One Metcalf killed Dwyer, in the town of Cleveland, Miss. on Sunday, July 19, 1891. His preliminary trial before a magistrate was fixed for ten o'clock the next morning. One Julias A. Robinson, a lawyer living at Cleveland, at four o'clock Sunday afternoon, delivered to the operator of appellant at that place a message, addressed to appellee, W K. McLaurin, a lawyer, at Vicksburg, Miss. in the following words:
The sending of the message was authorized by Metcalf, who desired the services of McLaurin in his defense at the preliminary trial the next morning. McLaurin was in Vicksburg, and if the message had been promptly delivered he could have gone to Cleveland on the night train; but it was not delivered until the next morning, and then it was too late to get a train to reach Cleveland in time for the hearing. He went, however, by a freight-train, but reached Cleveland too late for the trial. He testified that Metcalf was offended because of his failure to arrive in time, and refused to employ him. He had waived examination, and was admitted to bail before McLaurin arrived. Robinson testified that he refused, because of his want of experience, to represent Metcalf at the hearing. The telegraph company kept open an office on Sunday at Cleveland and at Vicksburg, and was paid for the transmission of the message in question. It does not appear that the operator was informed that the trial would take place the next morning, or knew that Metcalf had authorized Robinson to send the message, or that Metcalf would be unrepresented if McLaurin should not reach Cleveland in time. McLaurin sued the company for $ 25, the statutory penalty for failure to deliver the message, and also for $ 150, damages for the loss of the fee on account of such failure. The defendant prevailed in the justice court, and McLaurin appealed to the circuit court. On the trial in that court, the above facts substantially were shown, and the following instructions were given on behalf of the plaintiff:
A motion to rule out all the testimony and instruct the jury to find for defendant, having been overruled, the following instruction was given at the instance of defendant:
"The court instructs the jury for defendant, that, as the telegram to plaintiff was sent on Sunday, he cannot recover from defendant, unless they believe, from the evidence, that it was a work of necessity, and, unless they believe, from all the evidence in the case, that it was apparently necessary for Metcalf to have the services of McLaurin on Monday, then they will find a verdict for the defendant."

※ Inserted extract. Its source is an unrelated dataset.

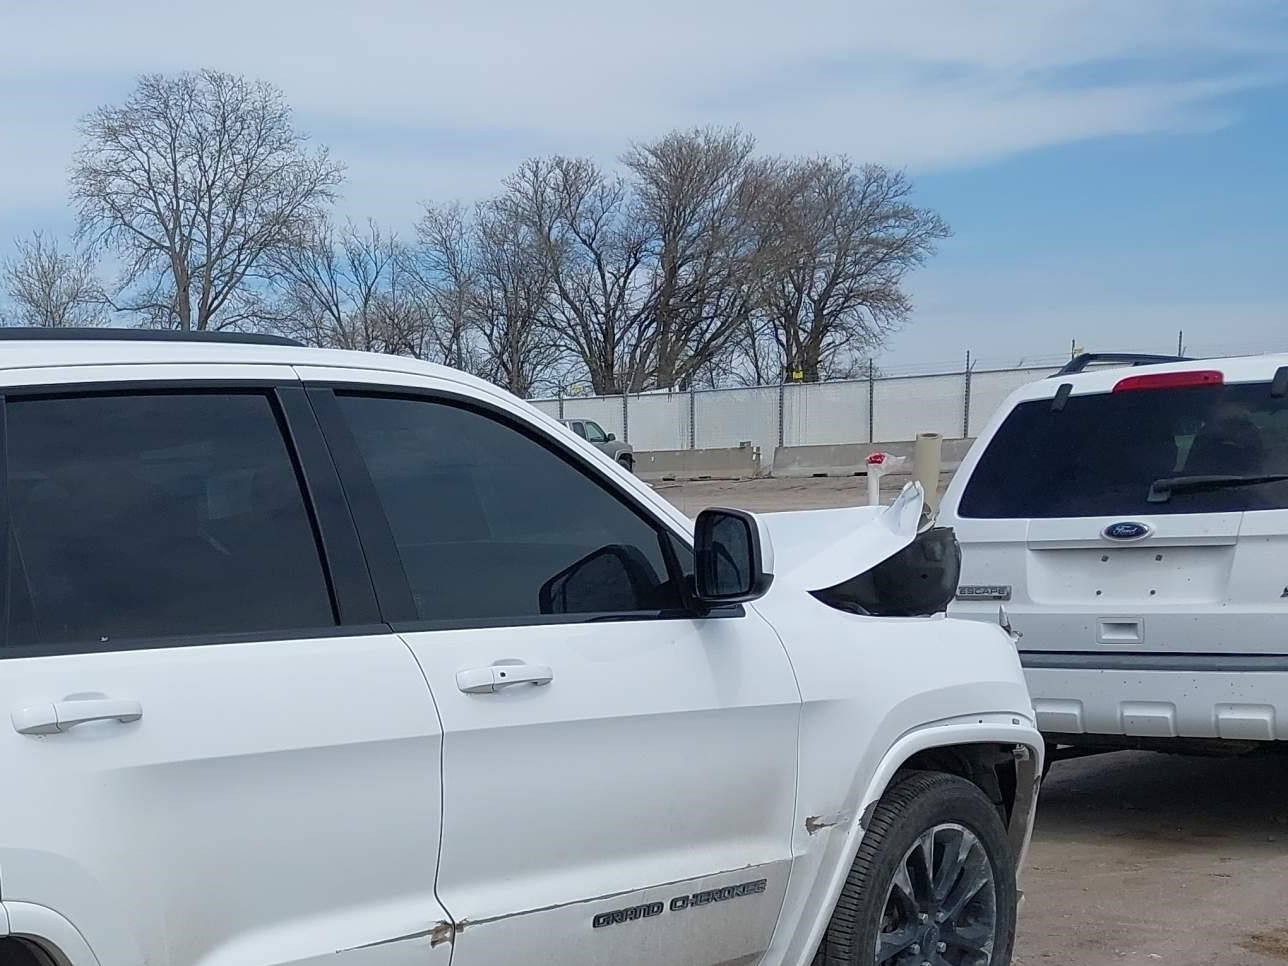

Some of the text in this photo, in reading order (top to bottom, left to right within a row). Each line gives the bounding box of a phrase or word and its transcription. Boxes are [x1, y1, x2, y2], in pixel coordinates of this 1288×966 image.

[958, 585, 1009, 596] ESCAPE
[592, 878, 768, 929] GRAND CHEROKEE

Verdict and judgment in favor of plaintiff for the sum of $ 125, damages, and $ 25, statutory penalty. Motion for new trial overruled. Defendant appeals.
Affirmed.
Mayes & Harris, for appellant.
1. It does not appear that any of the circumstances attending the transaction were made known to the company. It was not informed as to the time of the trial, or that Metcalf had authorized the sending of the message, or that he would be unrepresented if McLaurin failed to go.
2. The transaction occurred on Sunday, and neither Metcalf nor McLaurin have any legal remedy. The case does not come within the exception to the Sunday statute, § 2949, code 1880. Railroads and steam-boats are expressly excepted, but telegraph companies are not. Therefore, all business done by them on Sunday is in violation of law, unless it comes within the language of the statute--"other work of necessity or charity."
Contracts made on Sunday are void. 5 Lawson's Rights, Rem. & Prac. p. 4025, § 2411. Such is the law of this state. 7 How., 14; 7 Smed. & M., 389; 24 Miss. 9; 26...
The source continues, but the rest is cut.